Line by line, set down all the data below exactly, omitting any picture.

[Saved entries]
==============================
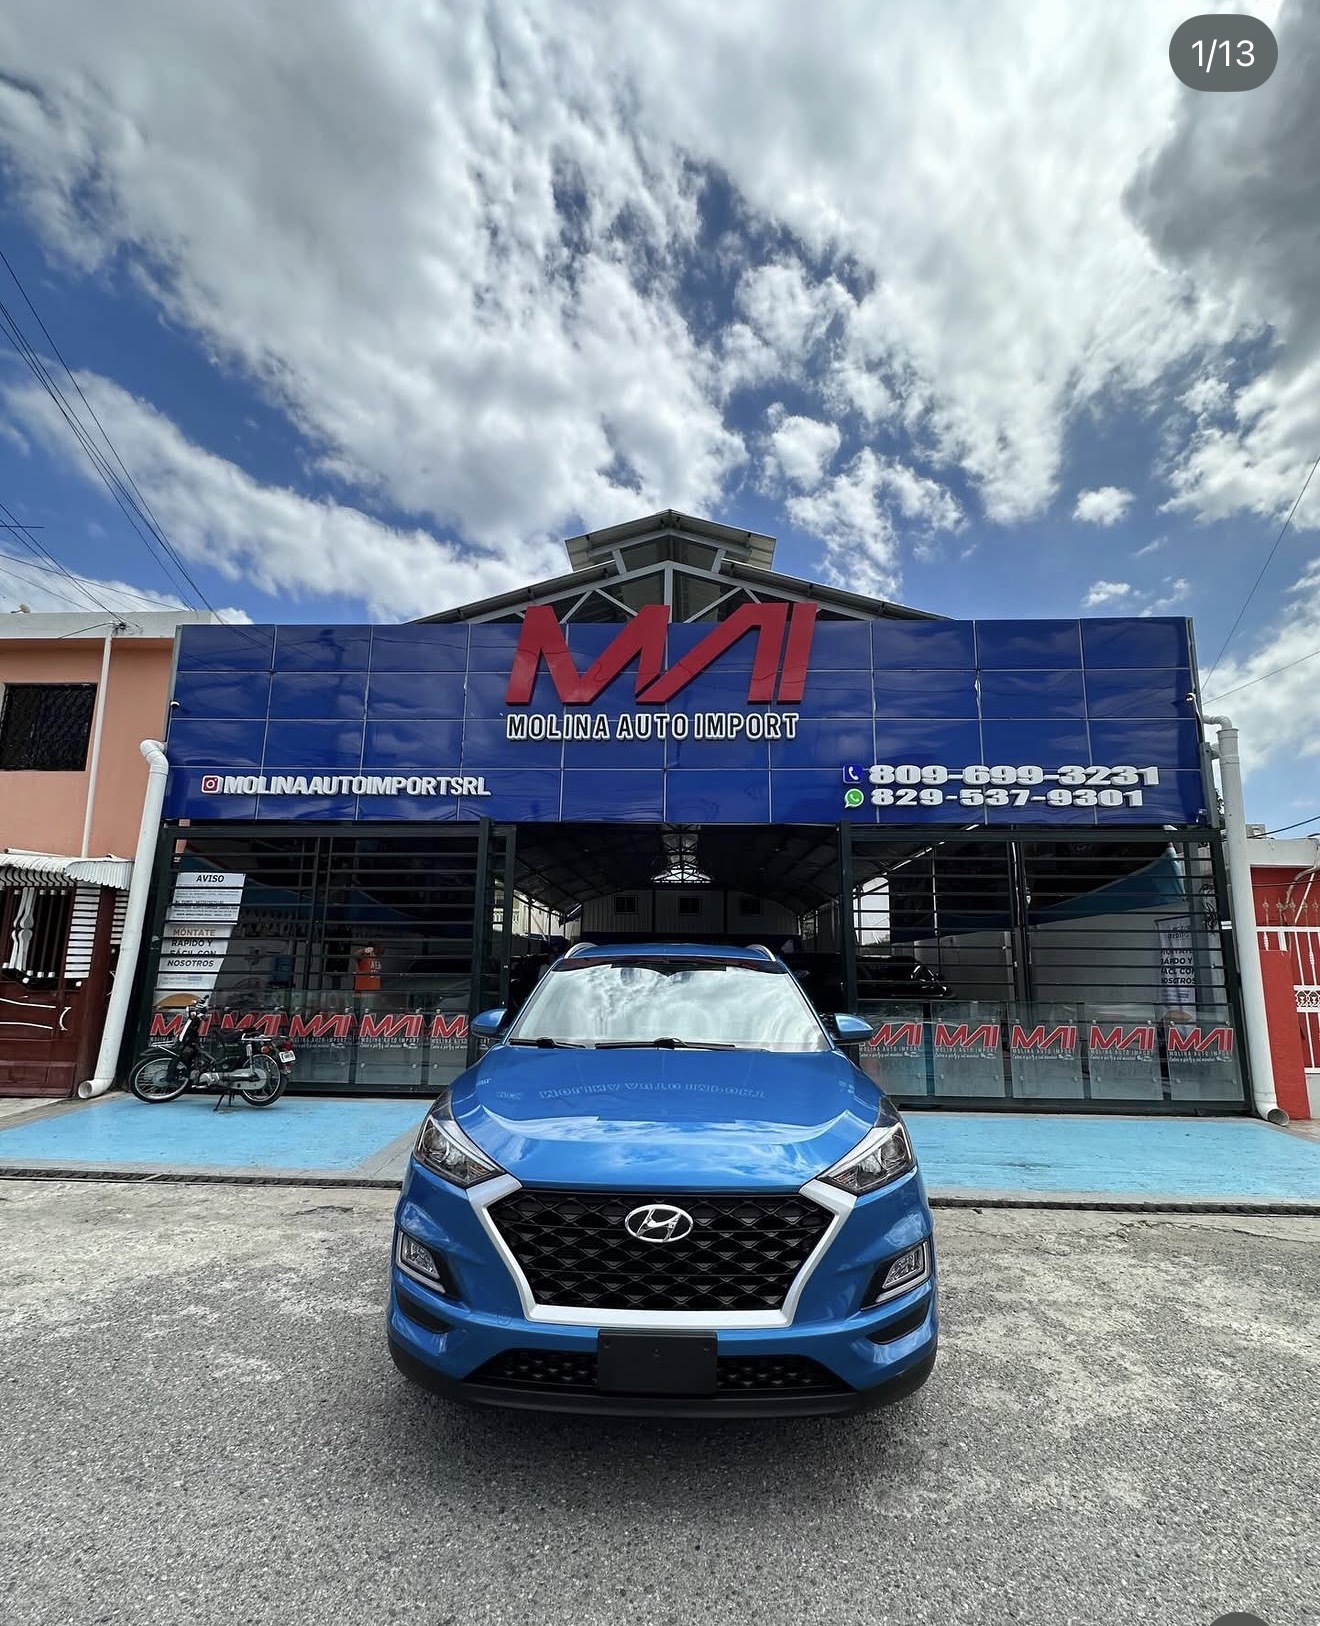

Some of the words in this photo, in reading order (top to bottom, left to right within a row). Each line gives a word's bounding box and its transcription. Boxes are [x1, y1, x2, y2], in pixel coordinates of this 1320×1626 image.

[505, 602, 817, 705] MAI
[506, 713, 610, 741] MOLINA
[616, 713, 689, 741] AUTO
[694, 712, 799, 741] IMPORT
[223, 775, 491, 796] MOLINAAUTOIMPORTSRL
[868, 764, 1159, 786] 809-699-3231
[870, 788, 1143, 807] 829-537-9301
[196, 874, 225, 882] AVISO
[288, 1014, 351, 1037] MAI
[359, 1014, 423, 1038] MAI
[934, 1024, 999, 1048] MAI
[1011, 1025, 1077, 1049] MAI
[1088, 1026, 1155, 1050] MAI
[1166, 1027, 1234, 1051] MAI
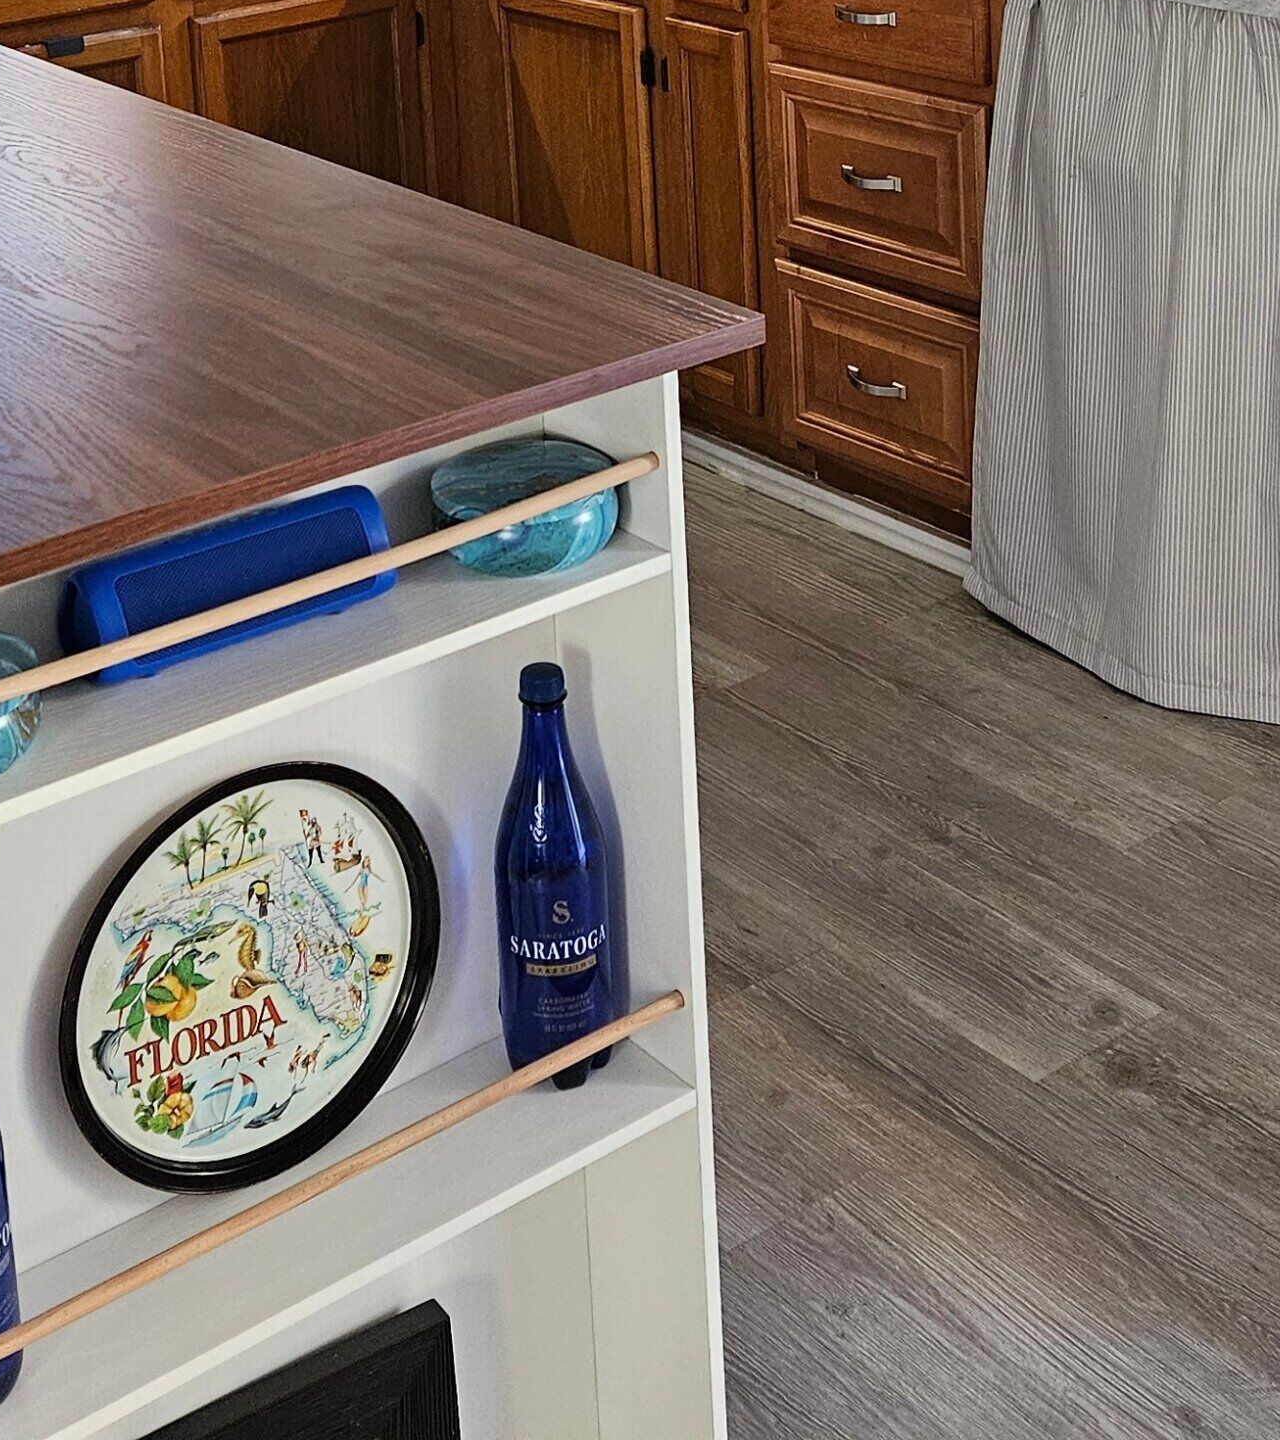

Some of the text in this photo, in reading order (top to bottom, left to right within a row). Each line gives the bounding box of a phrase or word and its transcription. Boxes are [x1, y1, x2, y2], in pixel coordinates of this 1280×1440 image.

[552, 900, 570, 924] S
[510, 923, 606, 960] SARATOGA
[124, 994, 288, 1088] FLORIDA
==============================
◆ **Answer section**:
Some of the words in this photo, in reading order (top to bottom, left to right within a row). Each line gives a word's bounding box and its transcription. Boxes are [x1, y1, x2, y2], in pixel coordinates of this 1320×1626 image.

[505, 602, 817, 705] MAI
[506, 713, 610, 741] MOLINA
[616, 713, 689, 741] AUTO
[694, 712, 799, 741] IMPORT
[223, 775, 491, 796] MOLINAAUTOIMPORTSRL
[868, 764, 1159, 786] 809-699-3231
[870, 788, 1143, 807] 829-537-9301
[196, 874, 225, 882] AVISO
[288, 1014, 351, 1037] MAI
[359, 1014, 423, 1038] MAI
[934, 1024, 999, 1048] MAI
[1011, 1025, 1077, 1049] MAI
[1088, 1026, 1155, 1050] MAI
[1166, 1027, 1234, 1051] MAI

Some of the text in this photo, in reading order (top to bottom, left to right within a row). Each line gives the bounding box of a phrase or word and its transcription. Boxes are [x1, y1, x2, y2], in pixel coordinates of this 1280×1440 image.

[552, 900, 570, 924] S
[510, 923, 606, 960] SARATOGA
[124, 994, 288, 1088] FLORIDA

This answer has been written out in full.